The competitors fight of today goes on in a different way than in the last century. Modern-day companies are looking for tools that would enable them to compete more offensively, on the one hand, while, on the other hand, being more resistant to competitive pressures within the legal boundaries of the market competition. Companies seek models and ways to overpower rival subjects which are not located only with direct competitors, but, it appears, they are taken to the limits of competition clashes which we could call “the cut-throat limits“.   

The Competitors Fight

Companies clash to get competitive advantages not only in the product sphere, but also in the customer sphere. New rivals come to the market right with the customers, right with the suppliers. Through their know-how, especially in technologies, better technical facilities, new knowledge from research and staff professionalism, they are able to roll out a competitive clash.

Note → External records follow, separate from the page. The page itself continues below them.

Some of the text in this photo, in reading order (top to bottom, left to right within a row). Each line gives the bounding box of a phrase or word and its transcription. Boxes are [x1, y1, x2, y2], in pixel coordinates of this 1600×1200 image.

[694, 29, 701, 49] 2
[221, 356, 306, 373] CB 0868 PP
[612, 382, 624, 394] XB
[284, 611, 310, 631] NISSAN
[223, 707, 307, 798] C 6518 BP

It has to be said today even small companies are able to knock out bigger firms which frequently boast of their renown, yet they are often striken by the syndrome of routinism, outdated opinions on product research and development, limited perception only focused on themselves and their own satisfaction. Potential new competitors take advantage of this situation and, through their agility, outdo the “dinosaurs“ while profiting in such spheres where nobody would expect it before. 

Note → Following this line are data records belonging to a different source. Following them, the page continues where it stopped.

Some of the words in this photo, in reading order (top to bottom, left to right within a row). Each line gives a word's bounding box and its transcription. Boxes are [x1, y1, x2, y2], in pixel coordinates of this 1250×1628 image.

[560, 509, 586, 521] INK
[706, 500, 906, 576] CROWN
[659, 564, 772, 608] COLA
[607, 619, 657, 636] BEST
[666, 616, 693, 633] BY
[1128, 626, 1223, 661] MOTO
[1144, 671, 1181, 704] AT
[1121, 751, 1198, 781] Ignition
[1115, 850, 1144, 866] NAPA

Another serious force active in competitive clashes is called the genesis of substitutes which add utility value to integrated products that we would formerly purchase as separate products. Let us give an example: ten years ago, in the former eastern bloc countries, we were surprised at the arrival of mobile phone. This particular utility has been vigorously outdone by the emergence of substitutes. Embedded in your mobile phone today, you have a dictation tape recorder, an mp3 player, a gps device, a radio, games, e-mail, the Internet, an image or even video clip transmission. 

Your mobile phone works as a pager for your parked passeger car, and that is not all over yet. Already there are mobile phones, for instance, that monitor your health condition when under stress. 

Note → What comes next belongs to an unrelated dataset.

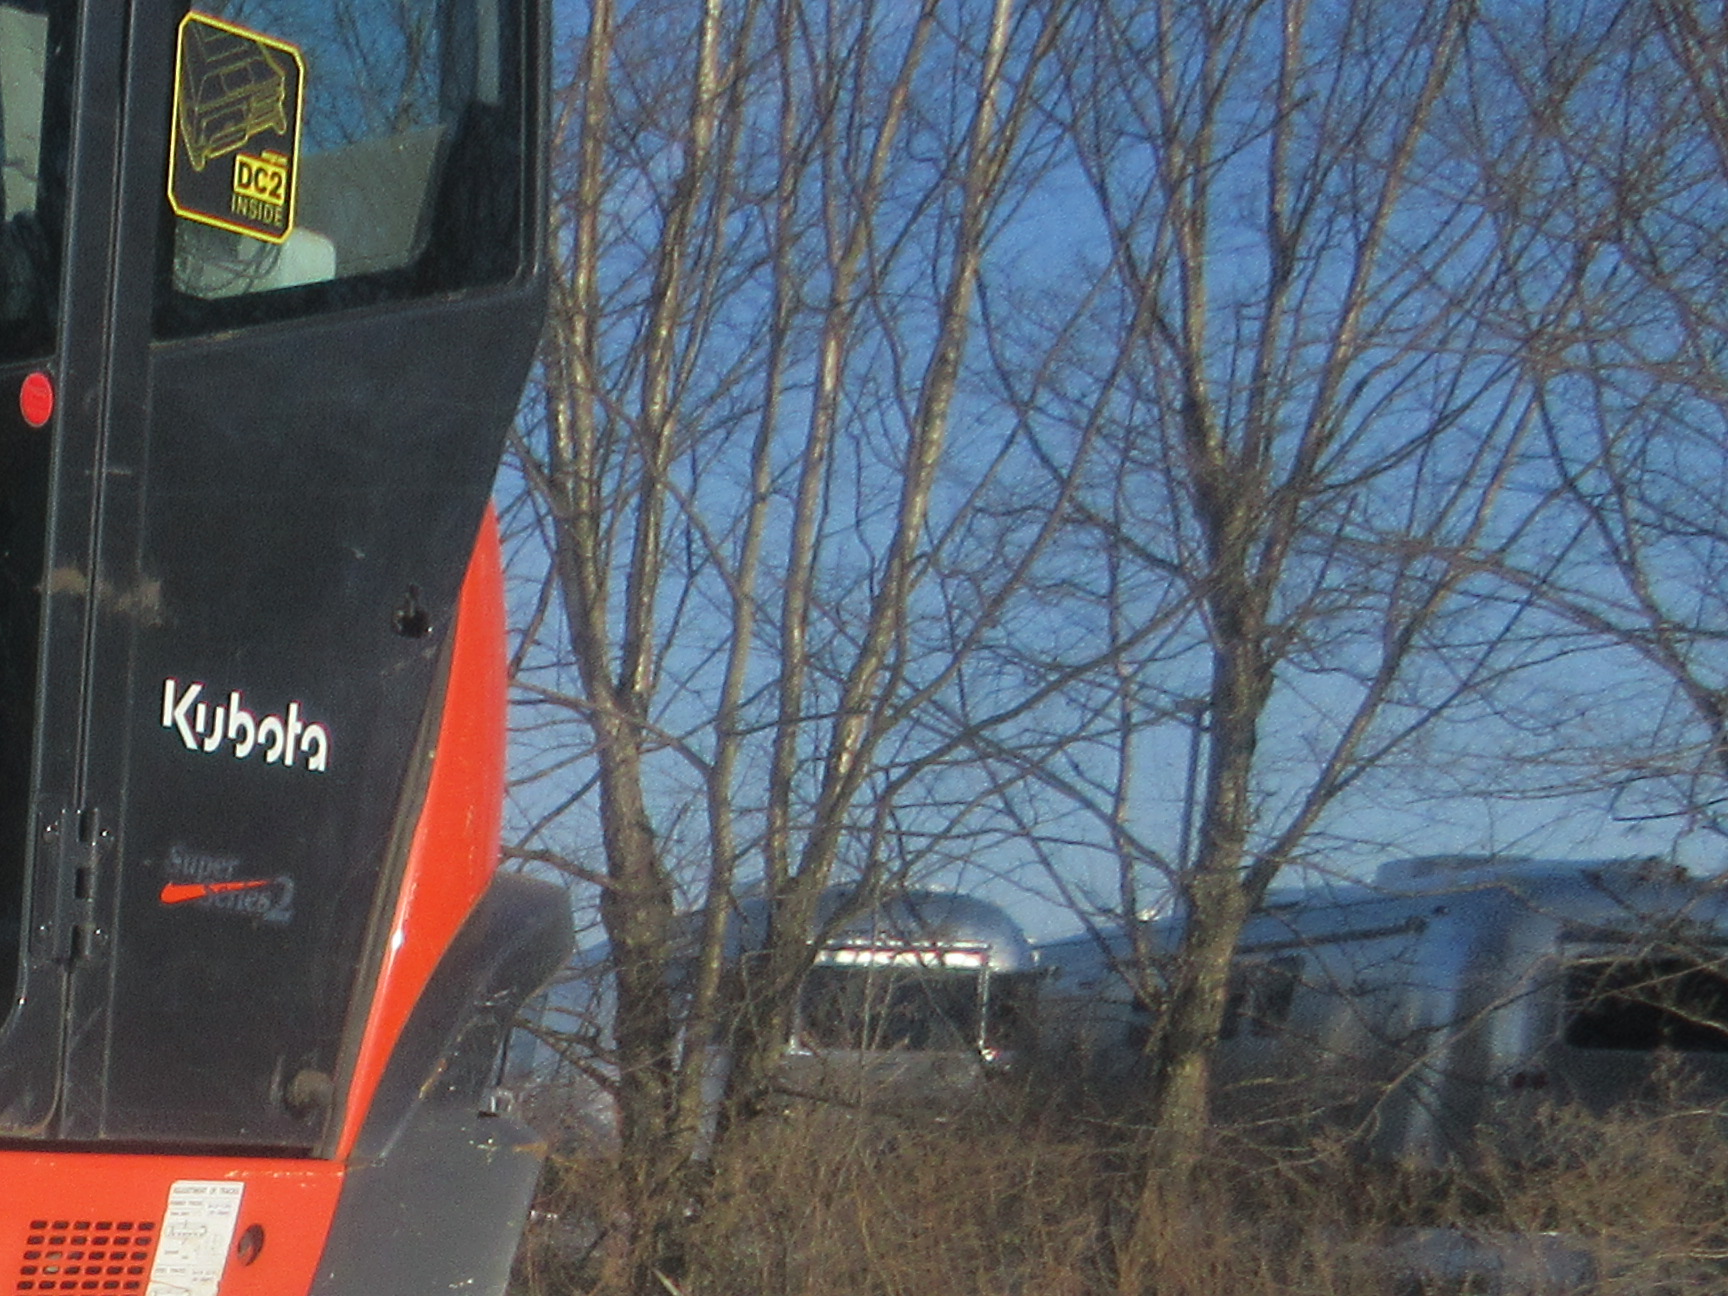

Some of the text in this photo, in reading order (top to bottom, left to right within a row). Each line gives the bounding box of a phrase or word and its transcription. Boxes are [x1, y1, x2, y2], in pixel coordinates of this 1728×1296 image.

If we come back to the complexity of competition, we will find out through a rational analysis we are able to assess about five forces which have to be evaluated as part of the analysis and taken pretty seriously (see the image above). This was done for us, very wittingly, by Mr.Porter, who created his famous model of competitive forces.

Yet he failed to notify us clearly enough of the necessity to include their synergic mutual interactions. Indeed, leaving out one of those synergic interactions while analysing competition threats can cause severe collapses of even big corporations as they may lose their position on the market or goodwill.  

The Porter´s model  -  a tool for rivalry analysis on the market

And now to the core of the matter. If we want to understand the essence of the Porter´s inspired ideas, we have to be able to find and use managerial tools that would enable, at least in part, evaluation and rational quantification of effects of both these five forces and their mutual synergic interactions. And be careful, these interactions are not constant but highly variable both in time and the market environment.

The rivalry on the market is, according to Porter´s general forces, demonstrated in the image attached. Primarily, there are four forces taking effect, with the fifth force being the competitive rivalry.

Clearly, it is job for a team of erudite company workers cognizant of the corporate values and well-motivated for the years to come which will be even harder. Here, the team work is of the essence. The managers should be assertive regarding brainstorming, the methodology of incident affinity (cases, events, affairs, episodes, considerations, etc.) both from the competitors and their own company. 

Note: Incident events explained: they are such events that have a  non-vacant intersection, that is, a space where it may or may have come to a competitive clash. The science of geometry tells us two planes coincide if they have at least one intersection.